Des affaires étouffées
Le combat pour la vérité et la justice pour les victimes à l’intérieur des frontières n’est pas encore gagné, et il faut pourtant rappeler que la France a aussi une longue tradition d’impunité de ses militaires dans ses opérations extérieures, en Afrique particulièrement. Même au-delà de ces guerres, qui ne disent plus leur nom, l’armée française tue et viole dans la normalité de sa présence même « paisible » sur le continent. Pourtant, les militaires qui ont reconnu avoir assassiné Firmin Mahé en 2004 en Côte d’Ivoire, n’ont écopé que de sursis, et on est encore loin du procès d’un quelconque Français pour les crimes et compromission au Rwanda dix ans auparavant. Si récemment, les viols d’enfants en Centrafrique par des militaires français ont connu un certain retentissement, on retiendra surtout que la France a fait tout son possible pour étouffer ces affaires, et qu’une autre du même ordre, au Burkina Faso, est proprement passée aux oubliettes (1).
A l’intérieur comme à l’extérieur, l’impunité des corps armés
À l’intérieur comme à l’extérieur du pays, le gouvernement français s’illustre dans l’indécence en légiférant pour l’impunité de ses corps armés. A l’intérieur de l’hexagone, une loi donne désormais encore plus de droits aux policiers, qui pourront notamment ouvrir le feu plus facilement. Pour les opérations extérieures, le gouvernement Hollande a renforcé en plusieurs étapes l’impunité des militaires.

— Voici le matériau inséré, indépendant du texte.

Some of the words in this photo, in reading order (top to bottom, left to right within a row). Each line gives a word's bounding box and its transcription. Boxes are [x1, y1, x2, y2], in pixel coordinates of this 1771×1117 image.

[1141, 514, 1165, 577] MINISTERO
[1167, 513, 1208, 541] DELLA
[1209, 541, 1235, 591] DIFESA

Depuis 2013 (2), seul le parquet français peut déclencher une action judiciaire contre des militaires. Les victimes qui pouvaient auparavant porter plainte avec constitution de partie civile, dépendent donc maintenant du bon vouloir de magistrats soumis à l’Exécutif. Par ailleurs, des accords bilatéraux ont été signés avec de nombreux pays, qui excluent toute poursuite de militaires français devant les juridictions locales. Début 2017, une loi a allongé le délai de prescription (3) de la plupart des crimes et délits. Mais le Monde relève que « la question des crimes de guerre a été abandonnée, notamment en raison des inquiétudes sur le risque de poursuites contre des militaires français présents au Rwanda pendant le génocide. »

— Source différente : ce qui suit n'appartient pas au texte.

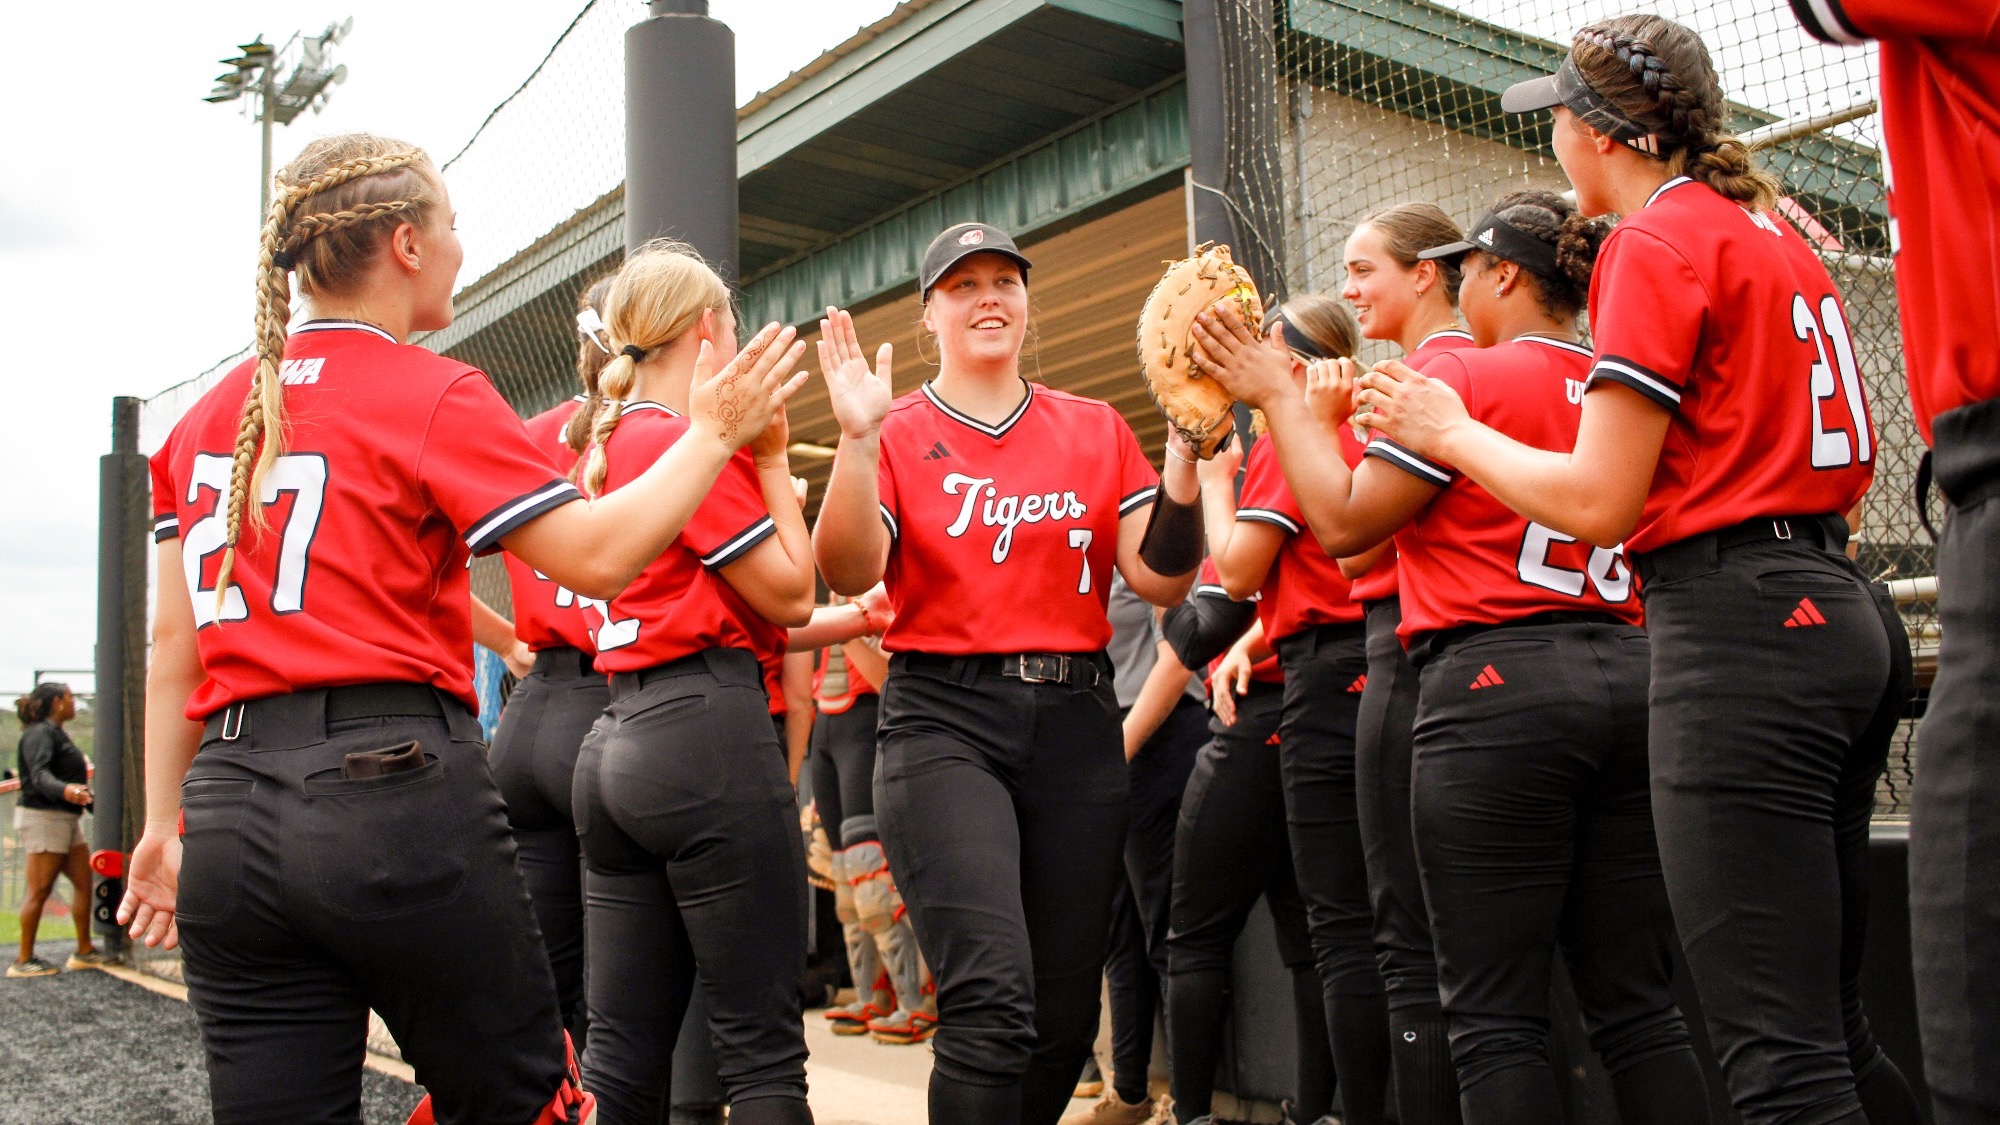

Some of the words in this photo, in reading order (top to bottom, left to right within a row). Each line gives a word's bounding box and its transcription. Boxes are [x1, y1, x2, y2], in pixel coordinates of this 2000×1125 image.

[1792, 291, 1873, 471] 21
[182, 452, 329, 632] 27
[941, 471, 1088, 565] Tigers
[1067, 527, 1093, 595] 7

Pour les anciens colonisés, il n’aura pas fallu attendre que plane le spectre de l’extrême droite au pouvoir en France, pour voir un système d’État qui permet de les tuer tranquillement.
Mathieu Lopes
(1) A l’été 2015, quelques semaines après les premières révélations sur les viols en Centrafrique, deux militaires français étaient accusés d’agression sexuelle sur une fillette de 5 ans dans ce pays.
(2) Avec la loi de programmation militaire de fin 2013.
(3) Délai passé lequel il n’est plus possible de poursuivre les auteurs.